When RVV 0.9 was proposed, the policies as presented earlier were introduced. This meant that everything got multiplied by 4 in the ISA in exchange of flexibility. Software should prioritize agnostic policies where possible and hardware can opt-in to benefit from the agnostic policy. For instance, implementations that use register renaming can avoid copying the destination and if they remember the vector length of the operation, the rest of the bits are presented to the software as if they were 1s.

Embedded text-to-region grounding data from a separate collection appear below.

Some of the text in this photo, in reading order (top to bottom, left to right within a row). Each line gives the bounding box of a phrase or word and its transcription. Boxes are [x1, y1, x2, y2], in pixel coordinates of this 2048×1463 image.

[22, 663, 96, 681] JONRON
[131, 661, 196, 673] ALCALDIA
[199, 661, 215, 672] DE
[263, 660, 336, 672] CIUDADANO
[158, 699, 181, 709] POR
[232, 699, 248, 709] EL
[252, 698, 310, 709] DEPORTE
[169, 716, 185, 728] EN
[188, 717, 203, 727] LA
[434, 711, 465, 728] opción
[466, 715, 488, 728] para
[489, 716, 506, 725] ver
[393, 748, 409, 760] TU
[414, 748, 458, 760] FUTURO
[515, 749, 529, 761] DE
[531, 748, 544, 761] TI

Most implementations definitely implement mask agnostic as mask undisturbed (but this should only be relevant for masked instructions). Some implementations have chosen to implement a proper tail agnostic policy.
One downside of the current policy mechanism is that at least one combination (tail undisturbed, mask agnostic) is of very little use to the software. Hardware implementors need to validate it though (even if it means mask undisturbed).
As already stated above, ideally, software should use agnostic policies when possible, but masked code will likely always use mask undisturbed because of its merge semantics.
Merge semantics
One interesting effect of mask undisturbed is that allows us to fold a merge
operation. RVV has a vmerge.vvm instruction:
vmerge.vvm vd, vs2, vs1, v0 # vd[i] ← v0.mask[i] ? vs1[i] : vs2[i]
Earlier we saw we computed 0, 1, 2, 3, …, vl-1 but setting zeroes where the element is disabled by the mask. We could do this in two steps.
# 0 ≤ i < vl
vid.v v1 # Sets v1[i] ← i
vmv.v.i v2, 0 # Sets v2[i] ← 0
vmerge v3, v2, v1, v0 # The mask is always in v0
# if v0.mask[i] = 0 then v3[i] ← v2[i] else v3[i] ← v1[i]
but using a mask undisturbed policy, we can just use a masked instruction
# Something here sets the mask policy to undisturbed.
# 0 ≤ i < vl
vmv.v.i v3, 0 # Sets v3[i] ← 0
vid.v v3, v0.t # if v0.mask[i] = 1 then v3[i] ← i else v3[i] ← v3[i]
(If you wonder why v0.t in this case, it is because the ISA reserves the
possibility that in the future v0.f can be used as the mask operand. For
v0.f the condition to update the result would be v0[i] = 0)
An extra operand, conceptually
Even if the hardware does not have to update the destination, now the result we
want to have as part of the undisturbed policy is an operand of the
instruction. And this is the reason why our intrinsic __riscv_vid_v_u32m1_mu
(mu for mask undisturbed) needs an additional operand.